The philosophy of science is to understand what makes a good hypothesis. What kind of questions are good questions to ask? What does answering them even tell us? What is a scientific question, and what is an unscientific one?

In this book, David tells us why asking good questions and seeking good explanations are not just central to science, but to the enlightenment way of thinking in general. His central contribution, his new ideas, is that good explanations have 'reach' and are 'hard to vary'. I think these two features of explanatory power are more precise and complete than prior ones such as 'falsifiability' or parsimony. This little bit, although it could have been conveyed on its own in a little pamphlet, is so valuable that this book is a must-read for the Science of Philosophy and a 5-star book just for having it.

The other great moment in this book is the chapter on a fungible multiverse. That, too, could have made a great little book on its own.
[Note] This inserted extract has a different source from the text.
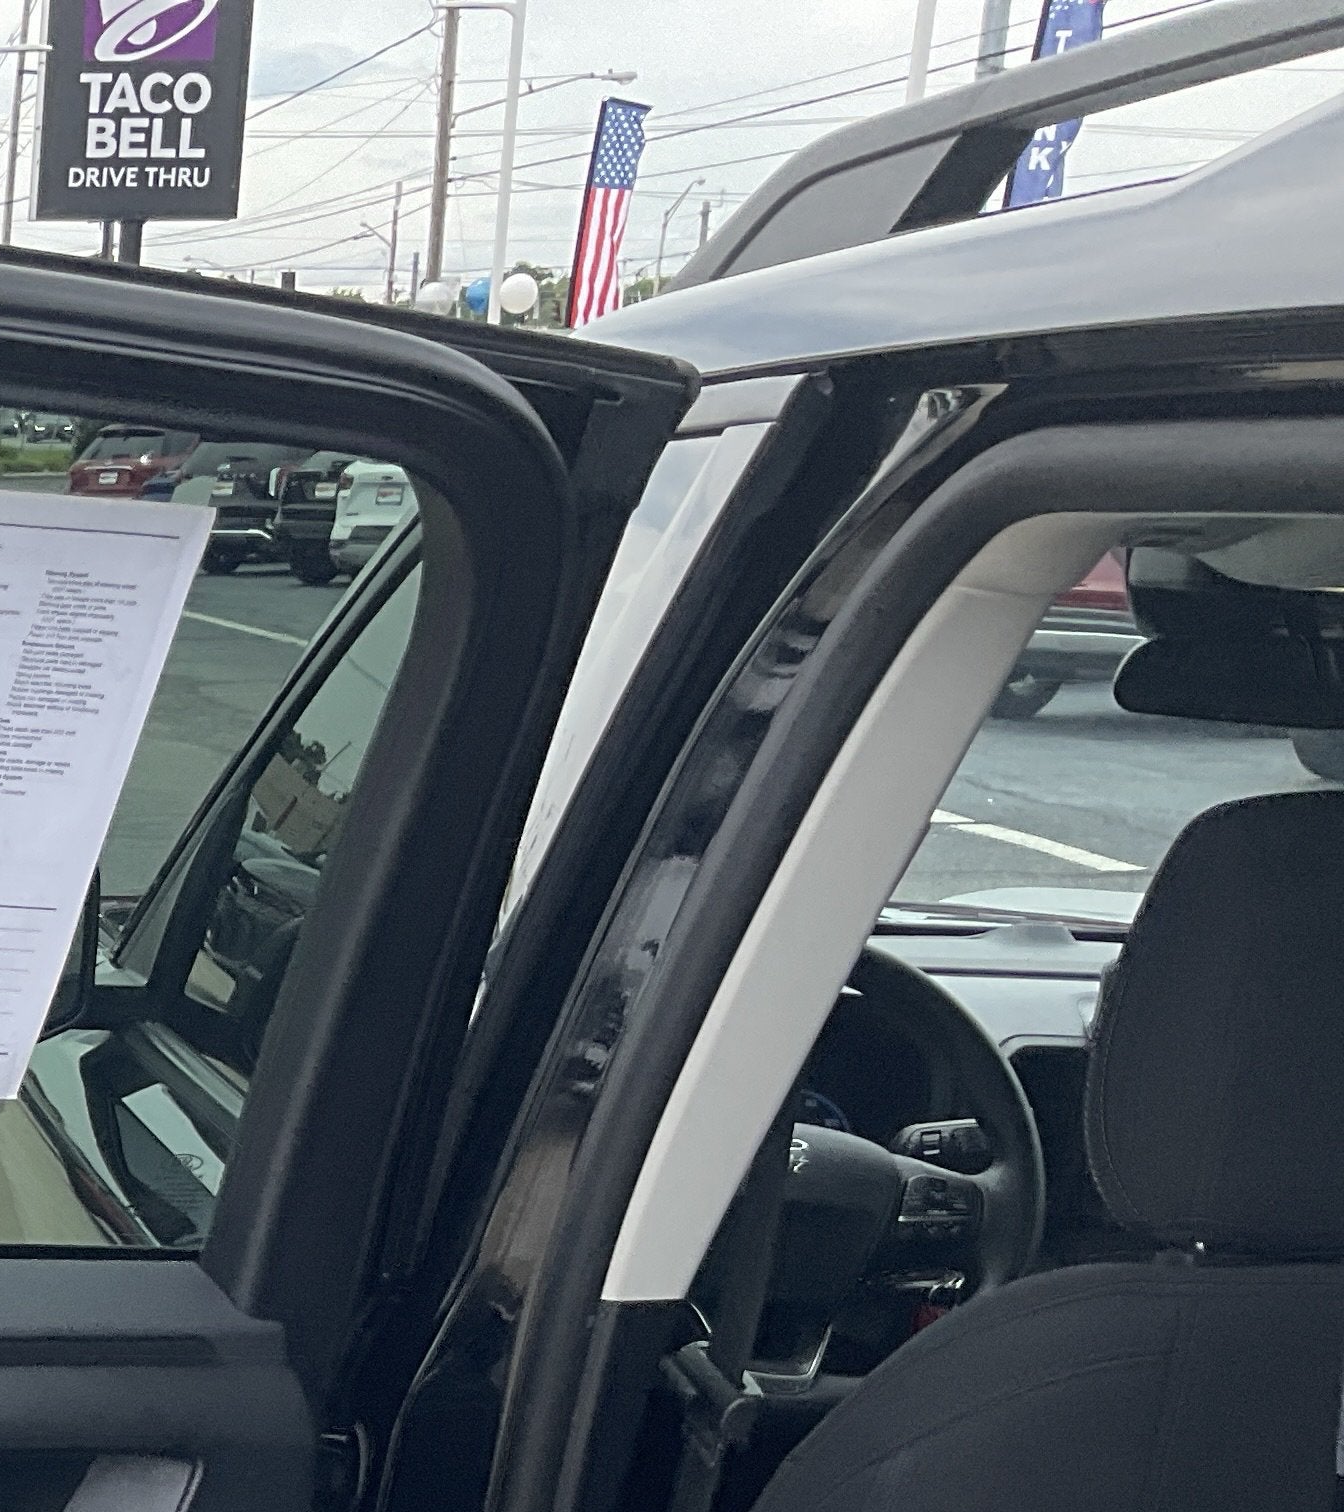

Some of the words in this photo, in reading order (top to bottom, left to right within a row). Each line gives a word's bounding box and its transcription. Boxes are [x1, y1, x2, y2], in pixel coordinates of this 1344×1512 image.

From there, David goes on to discuss the implications of good explanations, and how the 'good explanations' metaphor can describe other forms of information, such as DNA in people. He also puts forth the idea that rules of explanation, on their own, do not arrive us at progress. He talks about how a consistent earnest drive to prove oneself wrong and come up with an even better explanation is what leads us on. We should assume that progress may be infinite, and that our present explanations are therefore infinitely wrong. We should always look for improvement in every explanation, although that will become harder and harder to do. The best explanations will have been improved so much that they have near infinite reach. That is the goal.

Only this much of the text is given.